** Task brief **
What you return should match every record exactly, with the images removed.

[[ Records for this exercise open ]]

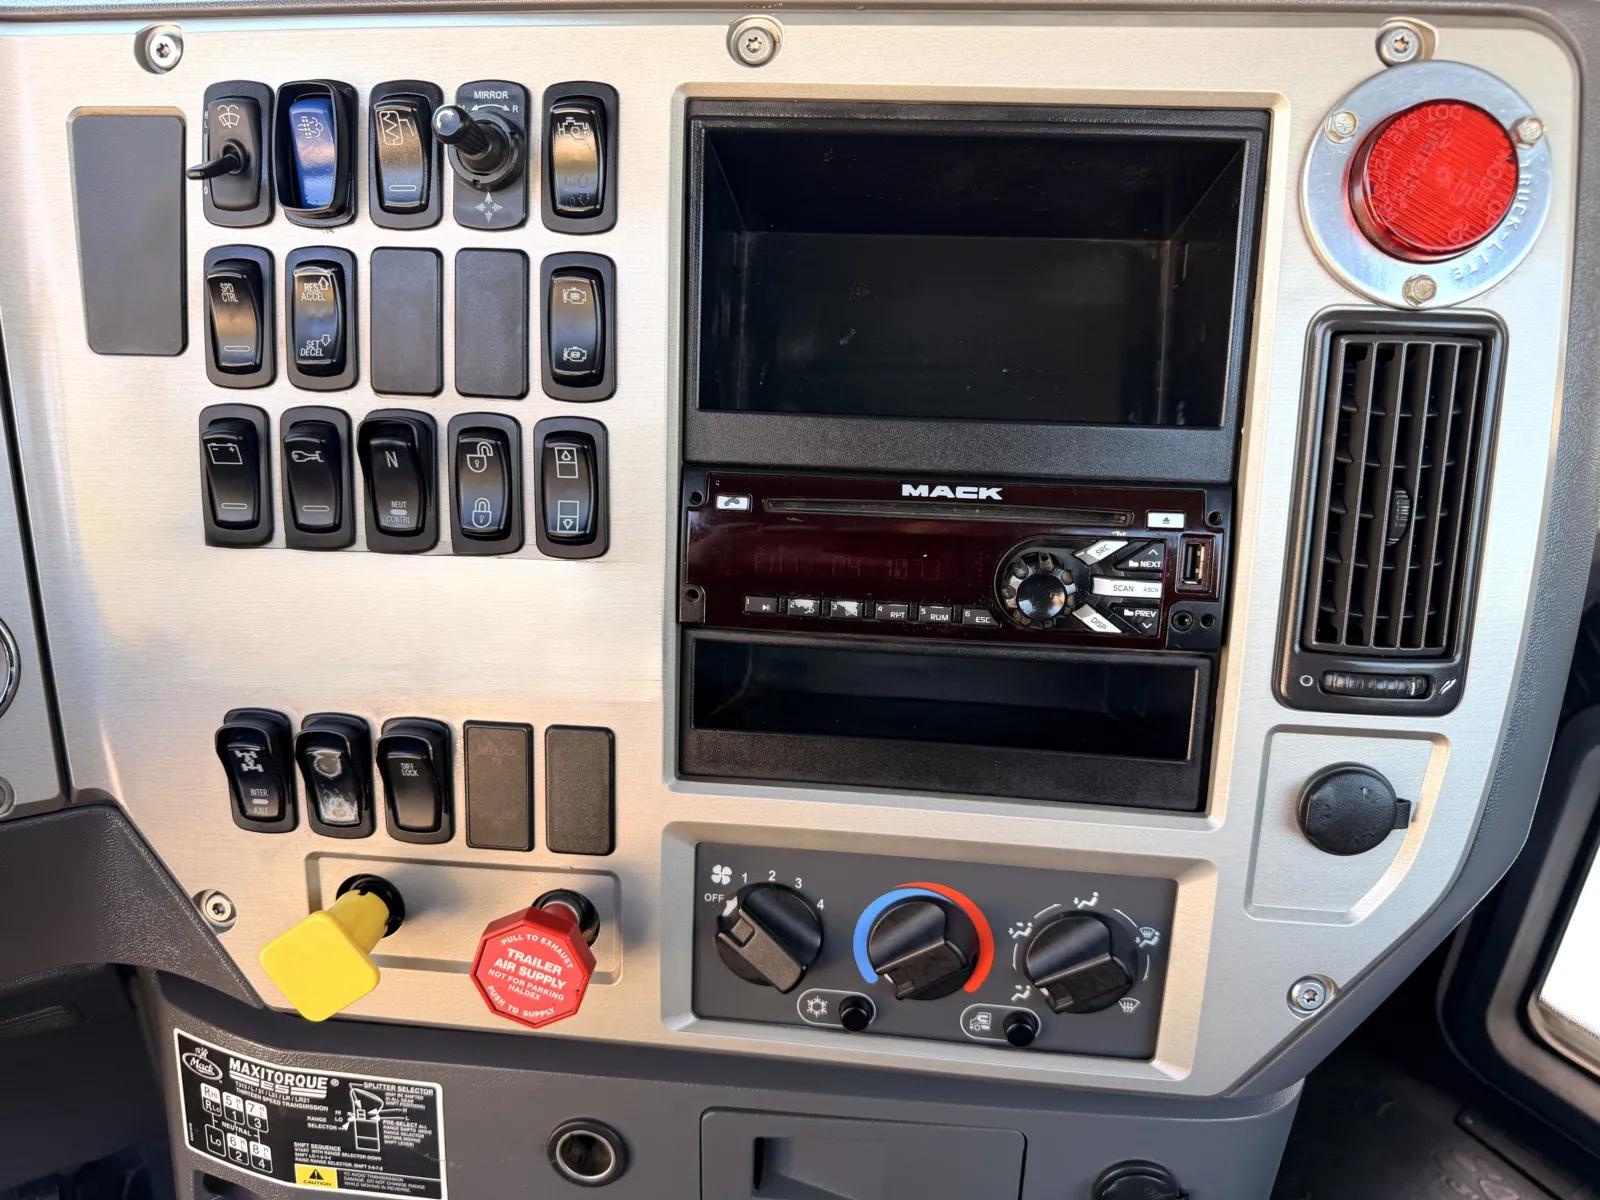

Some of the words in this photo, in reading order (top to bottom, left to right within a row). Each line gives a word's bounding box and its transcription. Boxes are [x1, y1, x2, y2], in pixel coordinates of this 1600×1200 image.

[474, 91, 508, 99] MIRROR
[220, 282, 234, 292] SPD
[222, 293, 238, 302] CTRL
[301, 292, 326, 300] ACCEL
[306, 340, 320, 348] SET
[300, 348, 324, 356] DECEL
[385, 451, 398, 468] N
[902, 484, 1003, 500] MACK
[1096, 544, 1110, 556] SRC
[1090, 617, 1107, 629] DISP
[742, 872, 748, 883] 1
[768, 870, 776, 881] 2
[795, 878, 802, 888] 3
[704, 893, 724, 902] OFF
[817, 899, 824, 910] 4
[501, 934, 524, 945] PULL
[541, 937, 574, 969] EXHAUST
[508, 948, 563, 976] TRAILER
[494, 958, 516, 972] AIR
[519, 965, 567, 990] SUPPLY
[488, 969, 506, 980] NOT
[508, 976, 526, 987] FOR
[527, 982, 564, 1001] PARKING
[508, 984, 542, 1000] HALDEX
[487, 985, 505, 1007] PUSH
[508, 1004, 519, 1013] TO
[523, 1006, 555, 1017] SUPPLY
[190, 1058, 215, 1076] Mack
[230, 1058, 328, 1089] MAXITORQUE
[364, 1082, 396, 1091] SPLITTER
[397, 1085, 434, 1096] SELECTOR
[226, 1096, 232, 1106] 5
[263, 1097, 280, 1105] SPEED
[282, 1101, 328, 1112] TRANSMISSION
[249, 1103, 254, 1112] 7
[232, 1111, 237, 1121] 1
[222, 1121, 251, 1136] NEUTRAL
[254, 1118, 261, 1128] 3
[231, 1137, 236, 1147] 6
[253, 1144, 259, 1154] 8
[236, 1151, 242, 1161] 2
[259, 1159, 265, 1168] 4
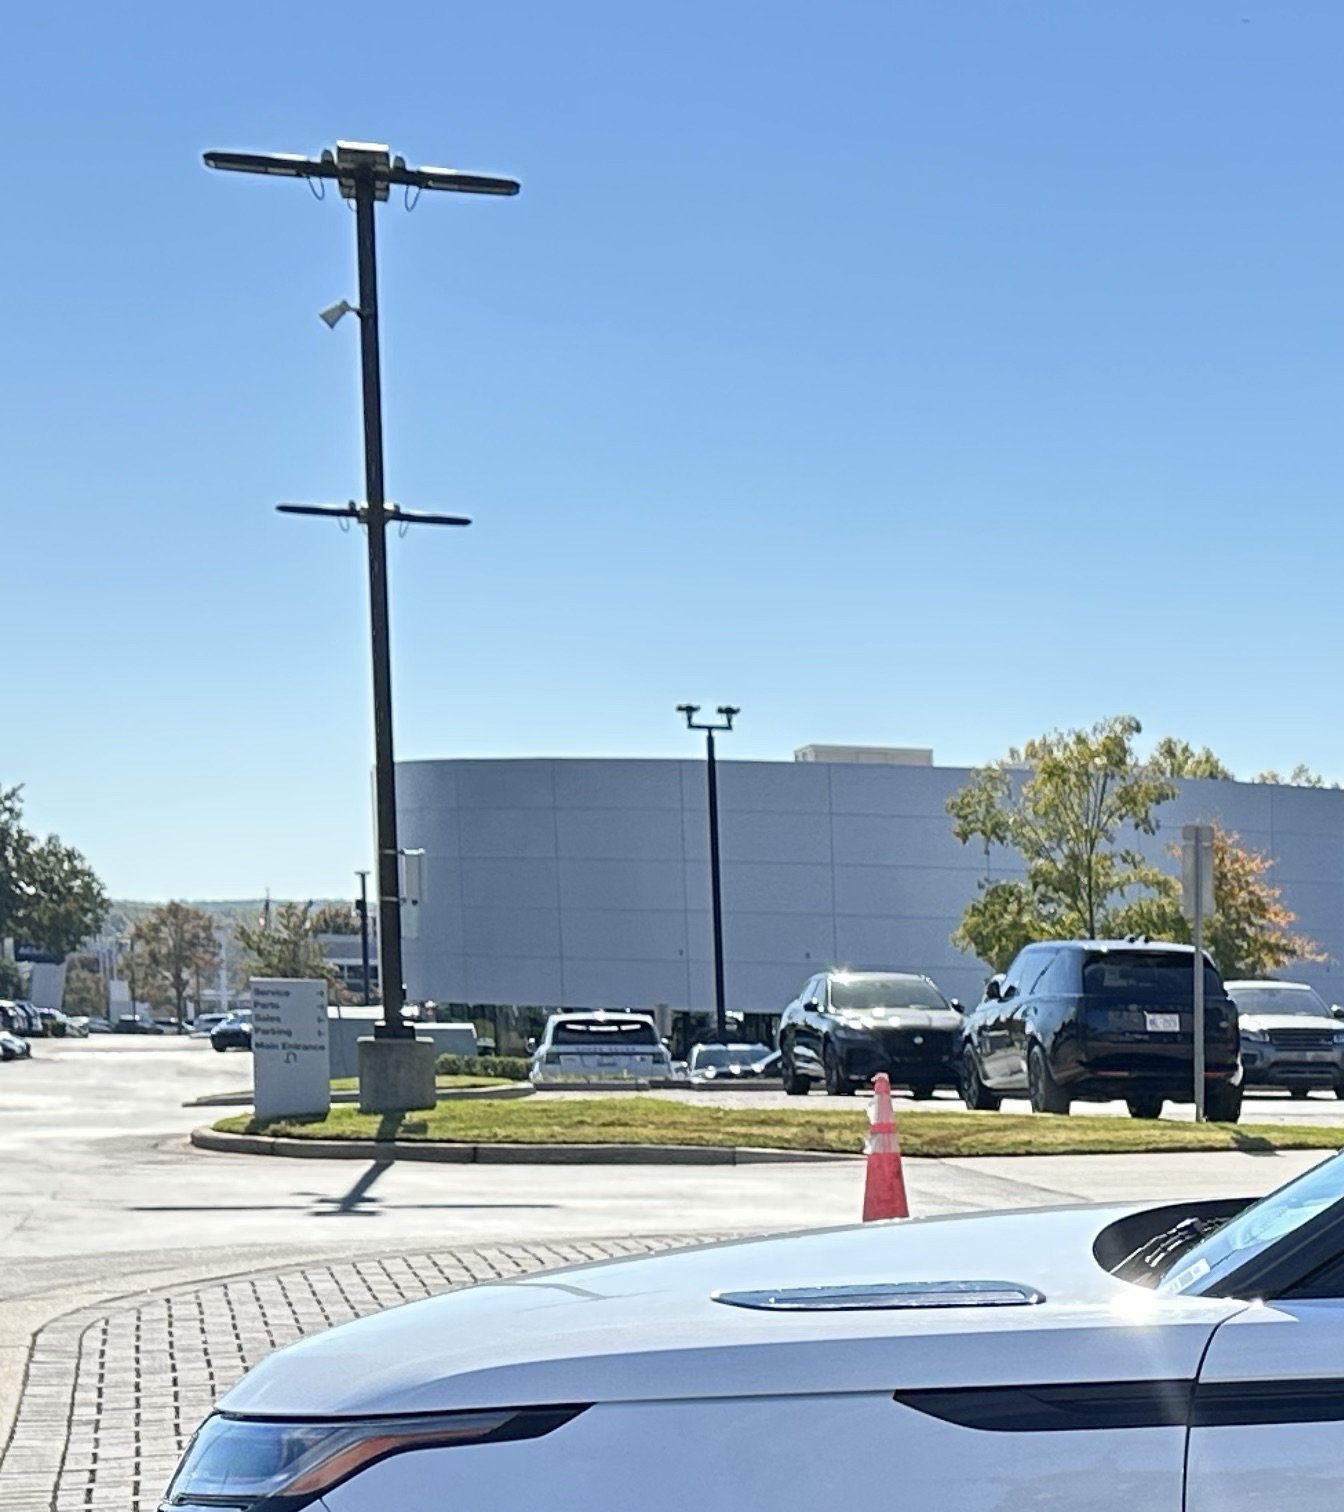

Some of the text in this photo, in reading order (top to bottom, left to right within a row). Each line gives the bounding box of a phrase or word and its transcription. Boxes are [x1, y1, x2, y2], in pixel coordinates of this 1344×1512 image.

[254, 987, 291, 998] Service
[253, 1000, 280, 1009] Parts
[255, 1013, 281, 1023] Sales
[254, 1027, 293, 1038] Parking
[254, 1041, 326, 1052] Main Entrance

[[ Records for this exercise closed ]]

** Exercise output **
Some of the words in this photo, in reading order (top to bottom, left to right within a row). Each line gives a word's bounding box and its transcription. Boxes are [x1, y1, x2, y2], in pixel coordinates of this 1600×1200 image.

[474, 91, 508, 99] MIRROR
[220, 282, 234, 292] SPD
[222, 293, 238, 302] CTRL
[301, 292, 326, 300] ACCEL
[306, 340, 320, 348] SET
[300, 348, 324, 356] DECEL
[385, 451, 398, 468] N
[902, 484, 1003, 500] MACK
[1096, 544, 1110, 556] SRC
[1090, 617, 1107, 629] DISP
[742, 872, 748, 883] 1
[768, 870, 776, 881] 2
[795, 878, 802, 888] 3
[704, 893, 724, 902] OFF
[817, 899, 824, 910] 4
[501, 934, 524, 945] PULL
[541, 937, 574, 969] EXHAUST
[508, 948, 563, 976] TRAILER
[494, 958, 516, 972] AIR
[519, 965, 567, 990] SUPPLY
[488, 969, 506, 980] NOT
[508, 976, 526, 987] FOR
[527, 982, 564, 1001] PARKING
[508, 984, 542, 1000] HALDEX
[487, 985, 505, 1007] PUSH
[508, 1004, 519, 1013] TO
[523, 1006, 555, 1017] SUPPLY
[190, 1058, 215, 1076] Mack
[230, 1058, 328, 1089] MAXITORQUE
[364, 1082, 396, 1091] SPLITTER
[397, 1085, 434, 1096] SELECTOR
[226, 1096, 232, 1106] 5
[263, 1097, 280, 1105] SPEED
[282, 1101, 328, 1112] TRANSMISSION
[249, 1103, 254, 1112] 7
[232, 1111, 237, 1121] 1
[222, 1121, 251, 1136] NEUTRAL
[254, 1118, 261, 1128] 3
[231, 1137, 236, 1147] 6
[253, 1144, 259, 1154] 8
[236, 1151, 242, 1161] 2
[259, 1159, 265, 1168] 4

Some of the text in this photo, in reading order (top to bottom, left to right within a row). Each line gives the bounding box of a phrase or word and its transcription. Boxes are [x1, y1, x2, y2], in pixel coordinates of this 1344×1512 image.

[254, 987, 291, 998] Service
[253, 1000, 280, 1009] Parts
[255, 1013, 281, 1023] Sales
[254, 1027, 293, 1038] Parking
[254, 1041, 326, 1052] Main Entrance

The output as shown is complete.